(Stored entries)
►

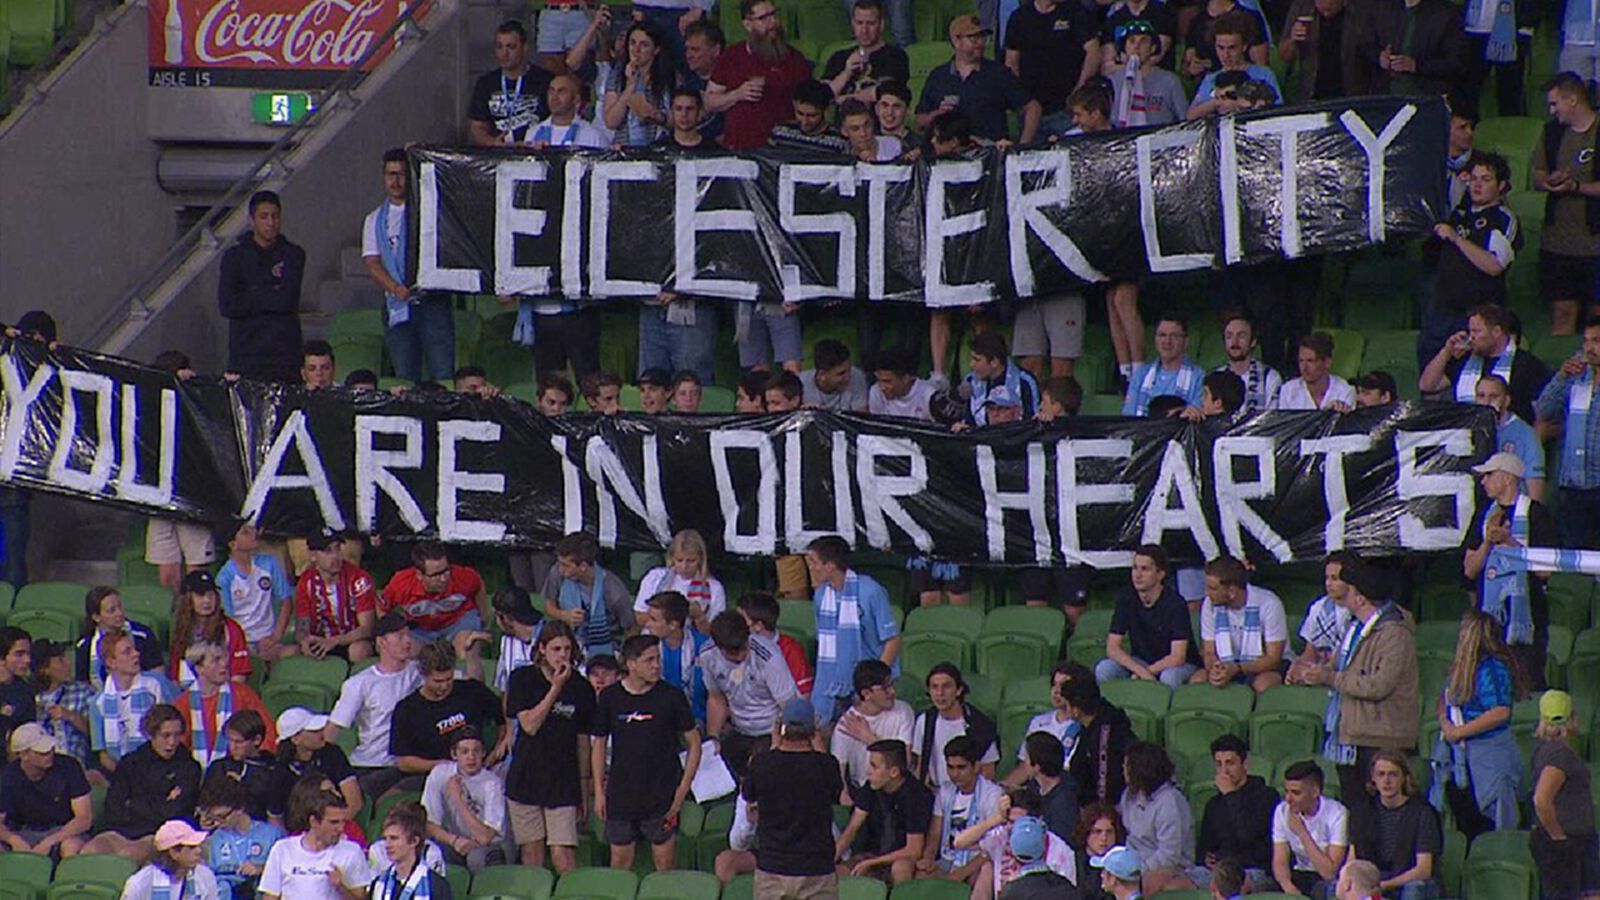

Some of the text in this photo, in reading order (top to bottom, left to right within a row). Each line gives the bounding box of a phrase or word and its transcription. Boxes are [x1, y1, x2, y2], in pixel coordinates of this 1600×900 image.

[153, 71, 211, 87] AISLE 15
[194, 0, 386, 65] Coca-Cola
[416, 103, 1418, 308] LEICESTER CITY
[0, 353, 1476, 568] YOU ARE IN OUR HEARTS
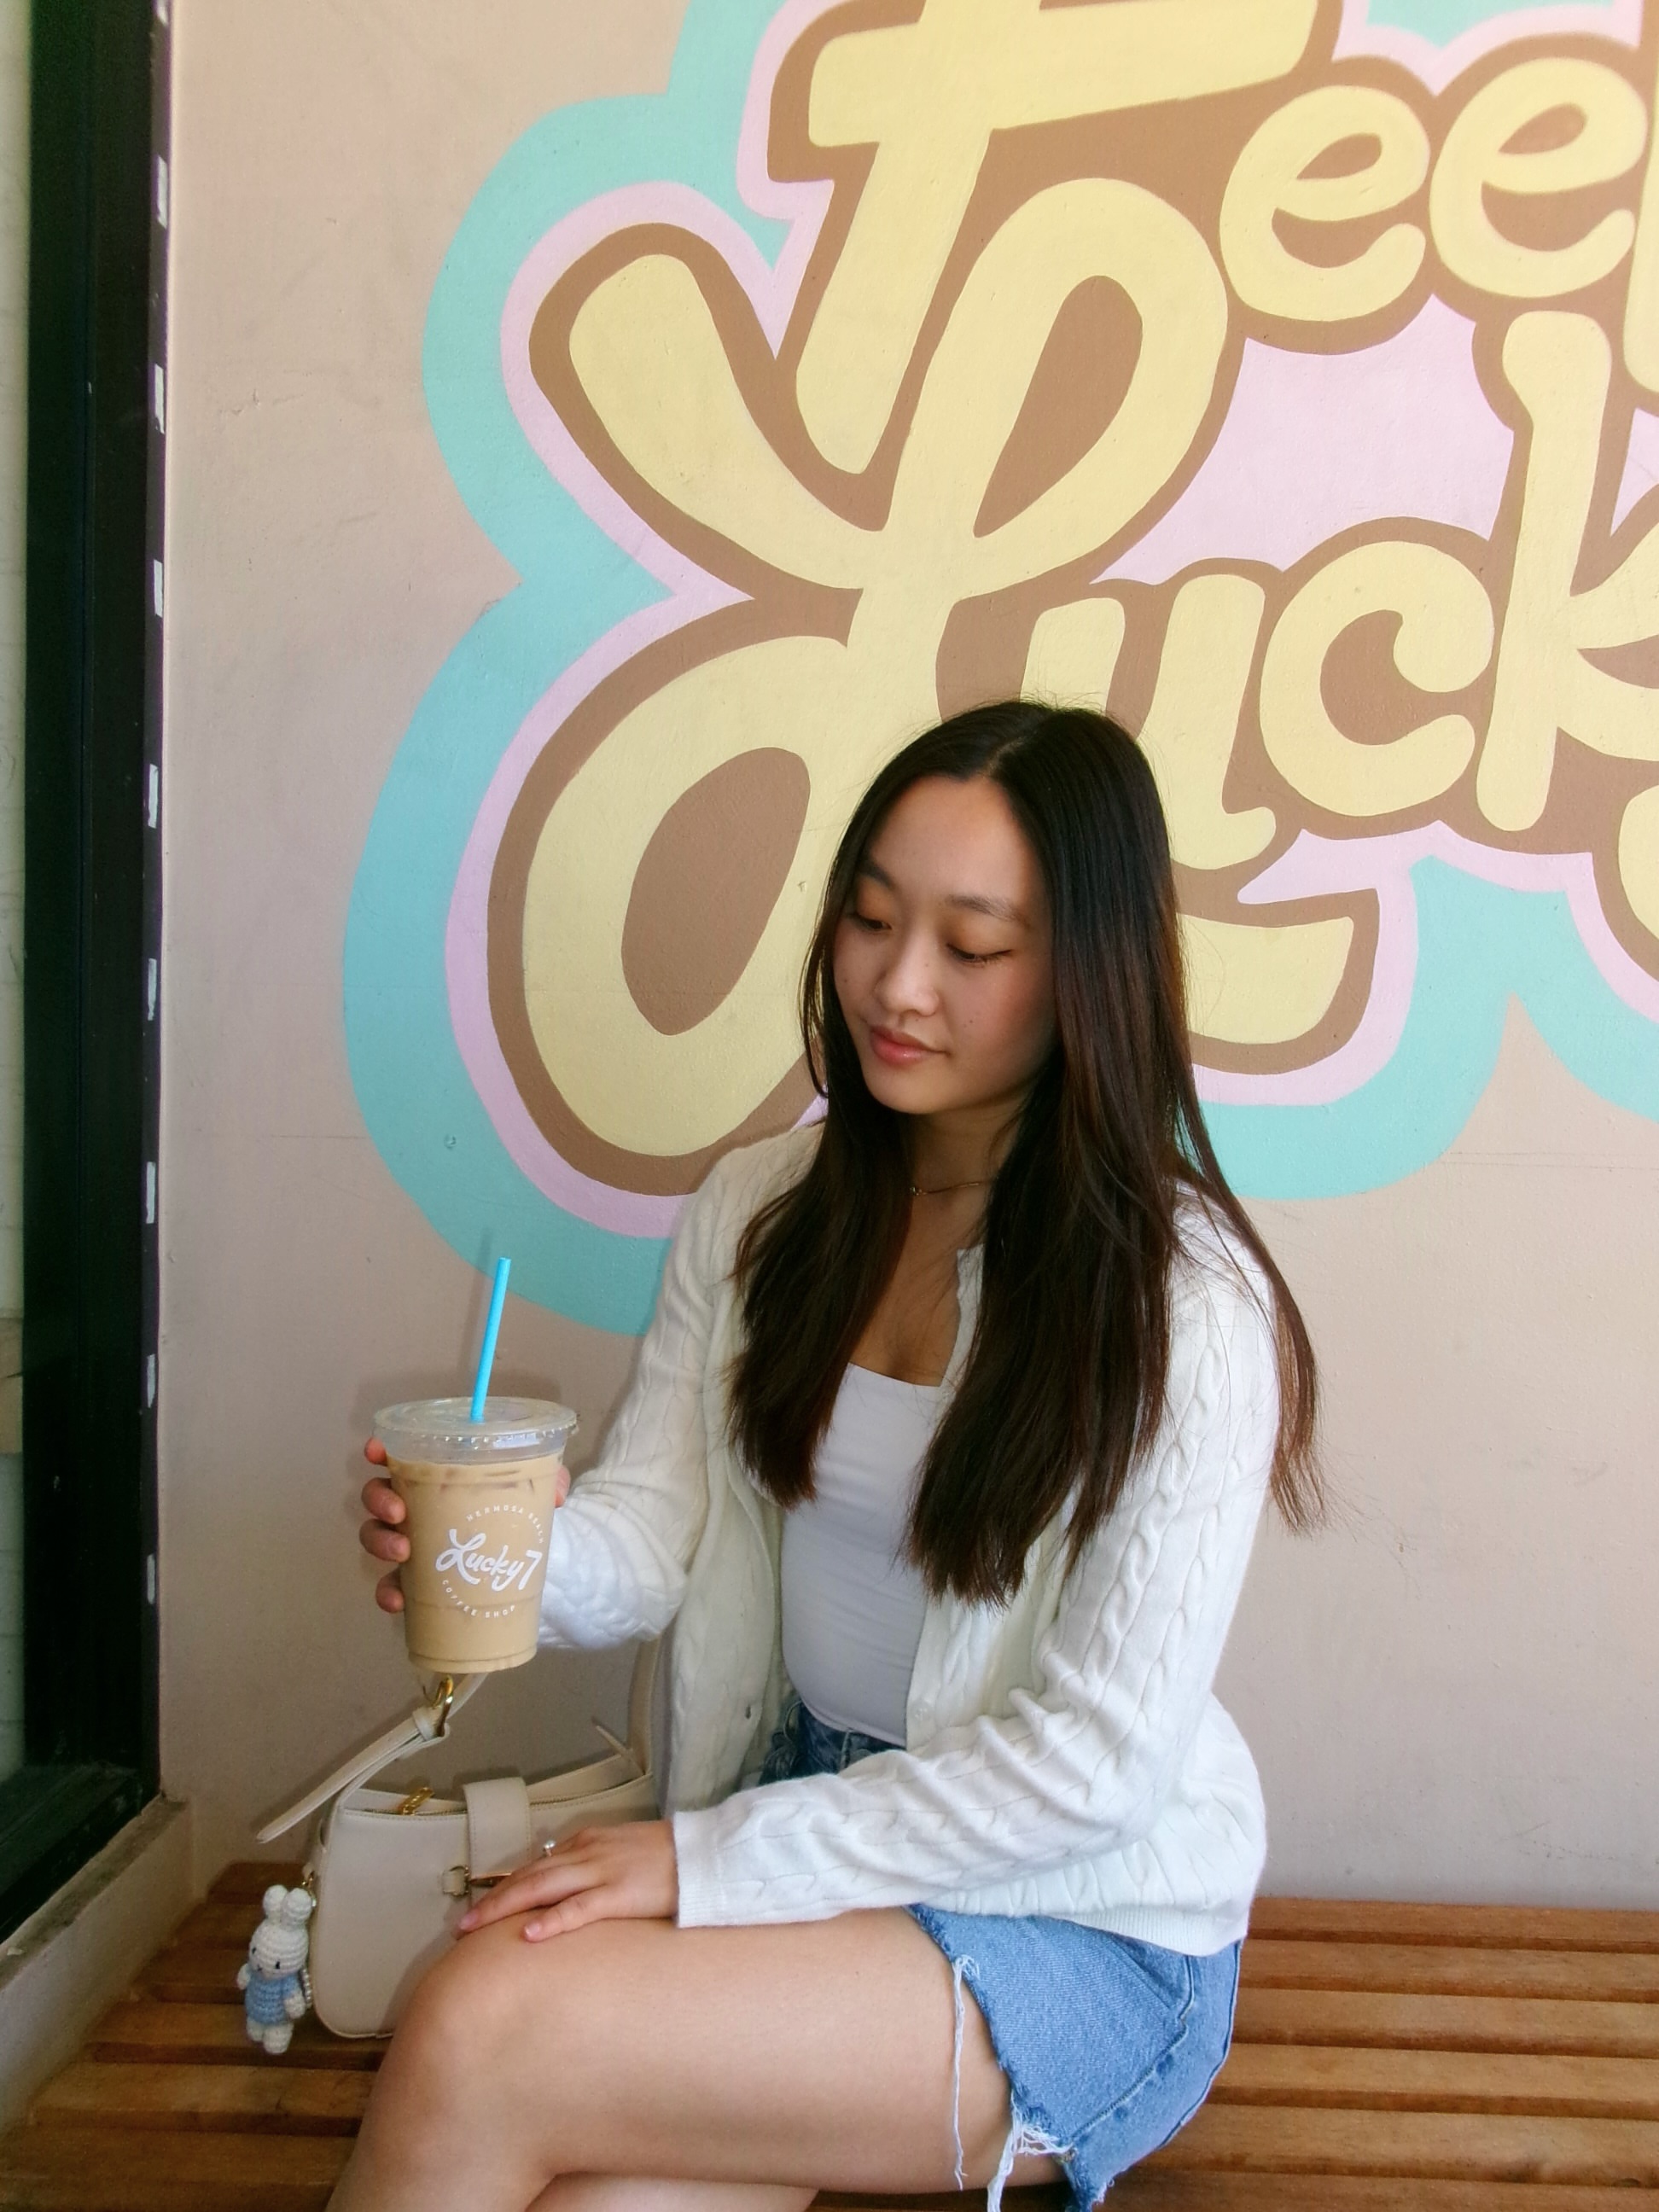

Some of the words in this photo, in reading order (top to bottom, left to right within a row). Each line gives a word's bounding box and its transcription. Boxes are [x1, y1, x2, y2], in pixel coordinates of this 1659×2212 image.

◄

→ **EXERCISE DETAILS**: Print each entry shown above with exact wording and no pictures.

→ **RESPONSE**:
Some of the text in this photo, in reading order (top to bottom, left to right within a row). Each line gives the bounding box of a phrase or word and its transcription. Boxes are [x1, y1, x2, y2], in pixel coordinates of this 1600×900 image.

[153, 71, 211, 87] AISLE 15
[194, 0, 386, 65] Coca-Cola
[416, 103, 1418, 308] LEICESTER CITY
[0, 353, 1476, 568] YOU ARE IN OUR HEARTS

Some of the words in this photo, in reading order (top to bottom, left to right within a row). Each line gives a word's bounding box and its transcription. Boxes are [x1, y1, x2, y2], in pixel coordinates of this 1659×2212 image.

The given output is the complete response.